Figure 4.

PTPN13 regulates MDA-MB-231 cell motility and invasiveness. A: Expression of wt (N13-1, N13-2, N13-3) or catalytically inactive (CS) PTPN13 in the indicated cell clones was monitored by western blotting using anti-PTPN13 antibodies. Mock: control cells (vector alone); equal loading was verified by re-probing with an anti-actin antibody. B: Cell growth measured using the MTS assay. Results, expressed as % of Mock cells, are the mean ± s.d. of three (N13-1) four (N13-2, N13-3) or five (Mock, CS) independent experiments.
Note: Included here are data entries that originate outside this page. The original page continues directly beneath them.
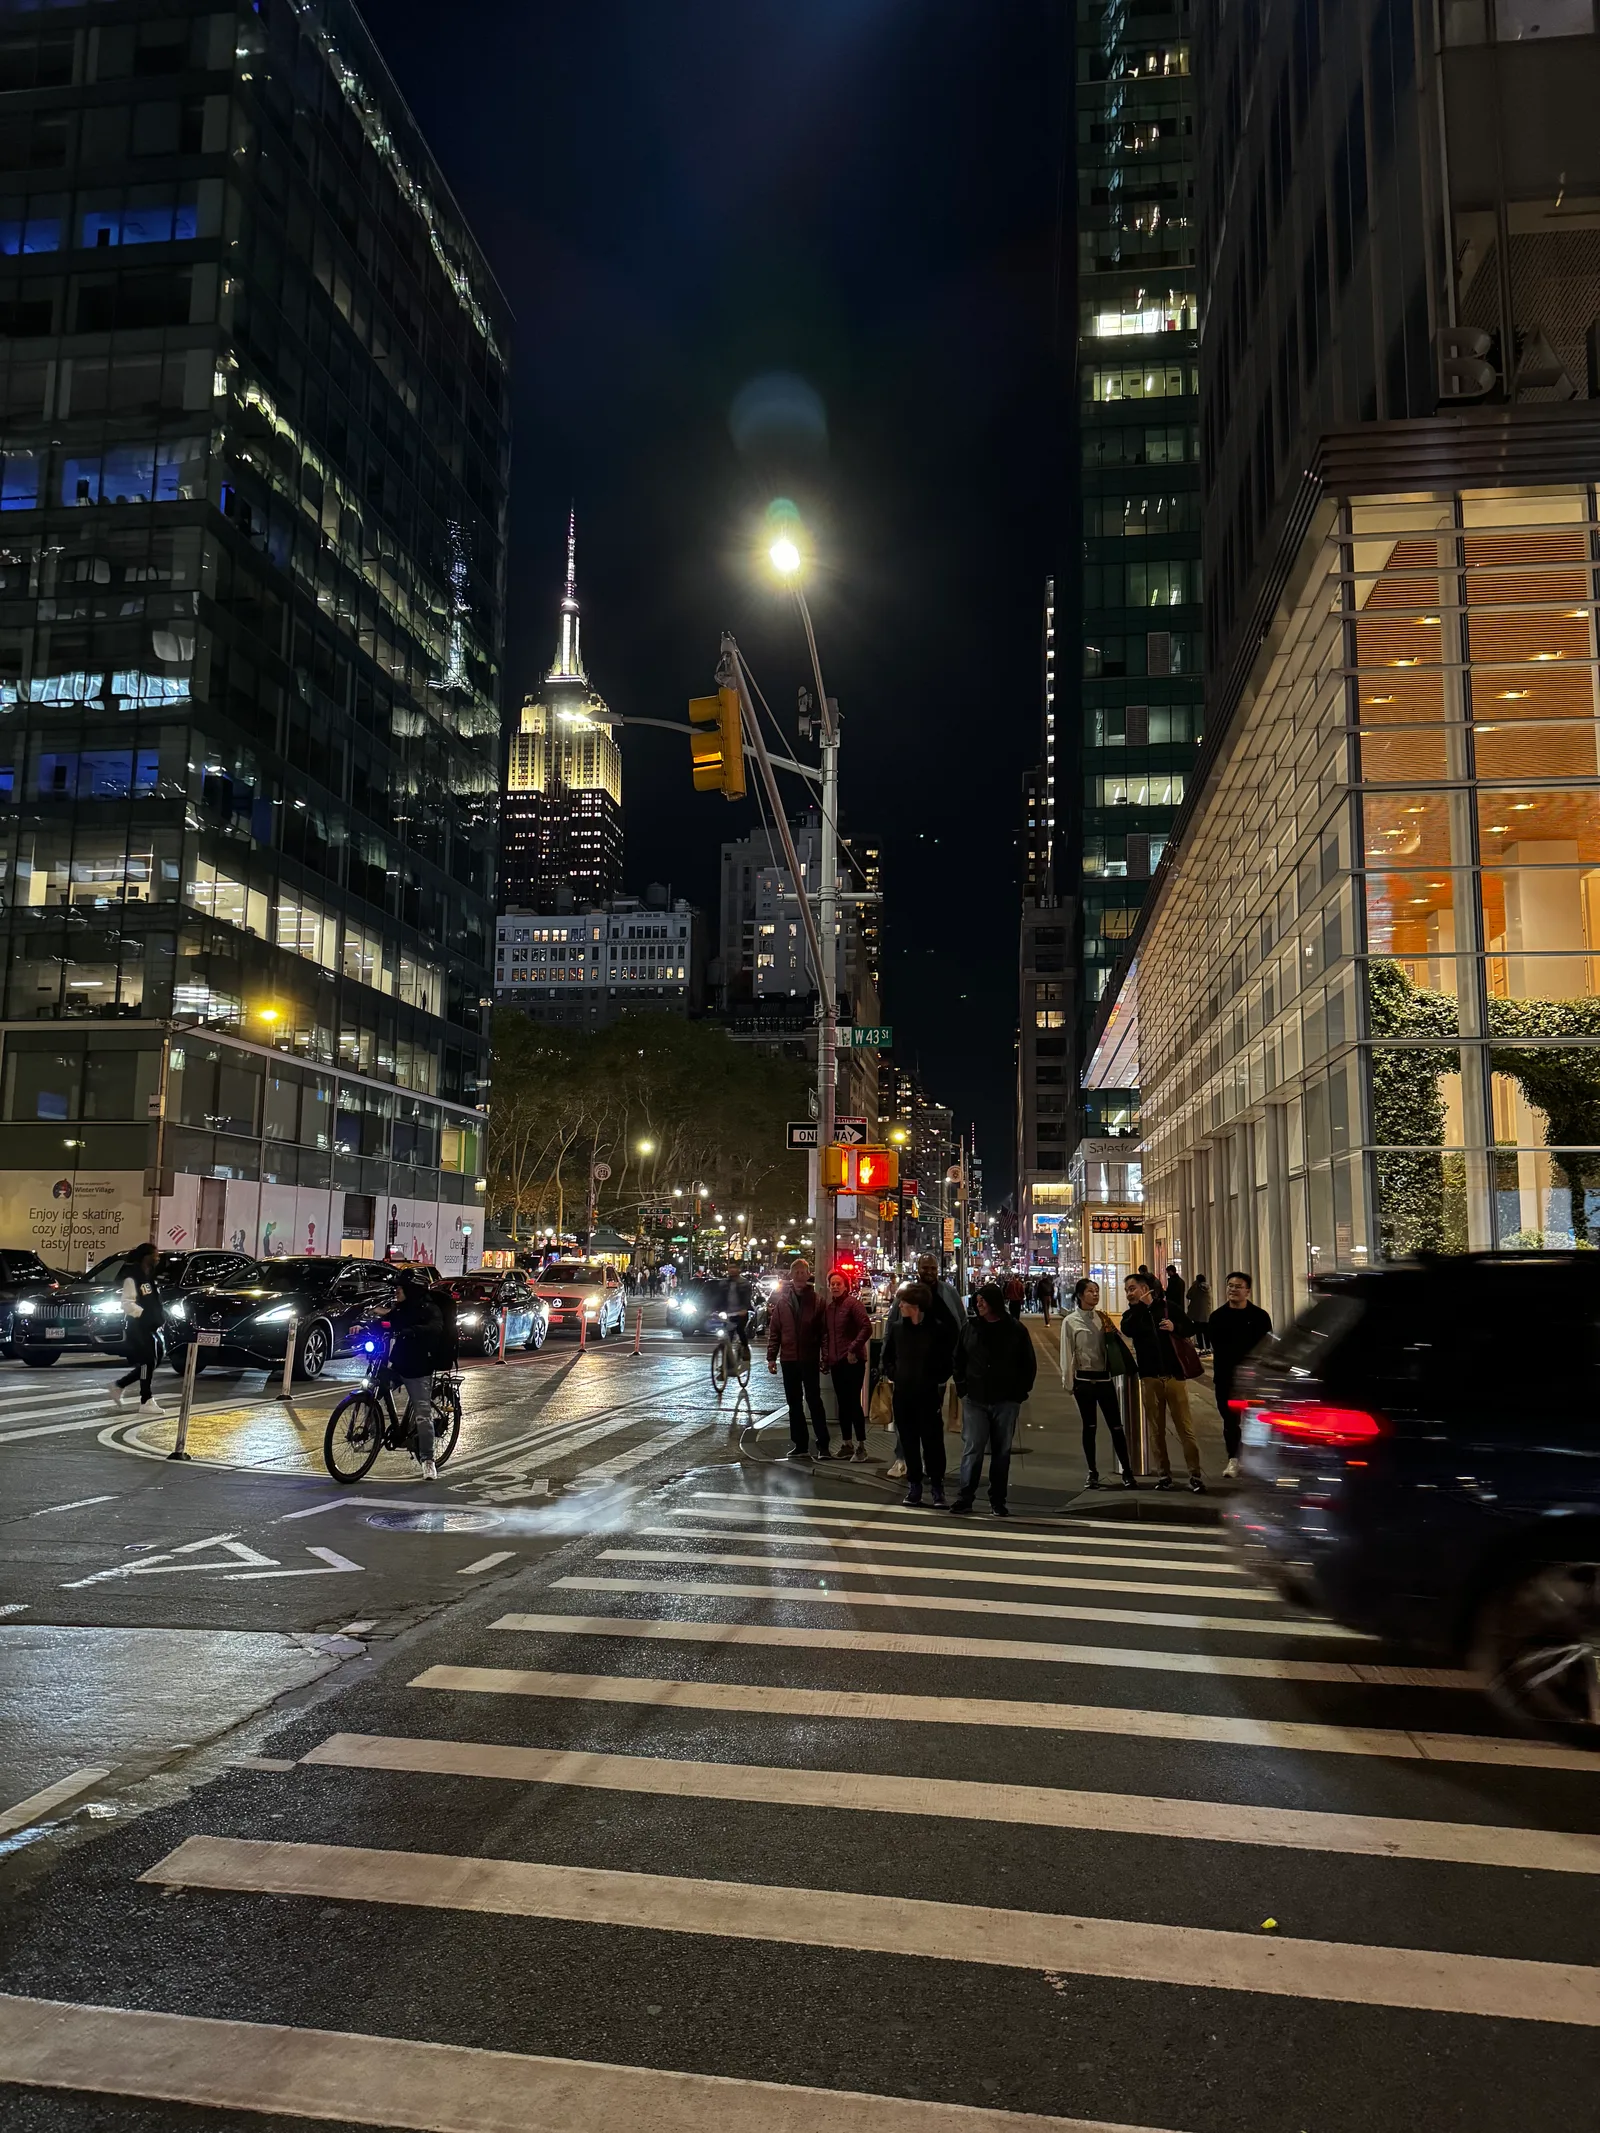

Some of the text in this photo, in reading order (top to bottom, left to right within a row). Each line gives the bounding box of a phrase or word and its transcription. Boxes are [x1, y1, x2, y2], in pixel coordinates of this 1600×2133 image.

[1436, 318, 1600, 404] BA
[855, 1029, 889, 1044] W 43 St
[1089, 1143, 1135, 1153] Salesfo
[95, 1186, 115, 1194] Village
[29, 1207, 125, 1223] Enjoy ice skating,
[32, 1222, 120, 1237] cozy igloos, and
[41, 1239, 106, 1251] tasty treats
C: Directional migration was assessed with the wound healing assay. C. Upper panel: Phase-contrast optical photomicrographs of the wounded area at 0 and 9h. C. Lower panel: Quantification of cell migration, expressed as % of Mock cells; mean ± s.d. of 3 (N13-1) or ≥5 (Mock, N13-2, N13-3, CS) independent experiments. **P<0.01, ****P<0.0001 versus Mock. D: Individual migration of the indicated cell clones was monitored by video microscopy and cell tracking on duplicate wells in three independent experiments. Graph represents the speed of about 1500 cells for each clone, Box-plot whiskers represent the 5 and 95 percentile values; ****P<0.0001 versus Mock and CS. E: Classification of cells (percentage) according to their migration speed (as in panel E): slow (<20µm/h), medium (20 to 40µm/h) and fast (>40µm/h). F: Cell invasiveness was evaluated with the Boyden chamber test. The percentage of cells that migrated through Matrigel-coated filters was quantified relative to the total number of seeded cells. Results, expressed as % of Mock cells, are the mean ± s.d. of five (N13-1), three (N13-2, N13-3) or two (CS) independent experiments *P<0.05 versus Mock. (C, D and F) two-tailed Student's t-test.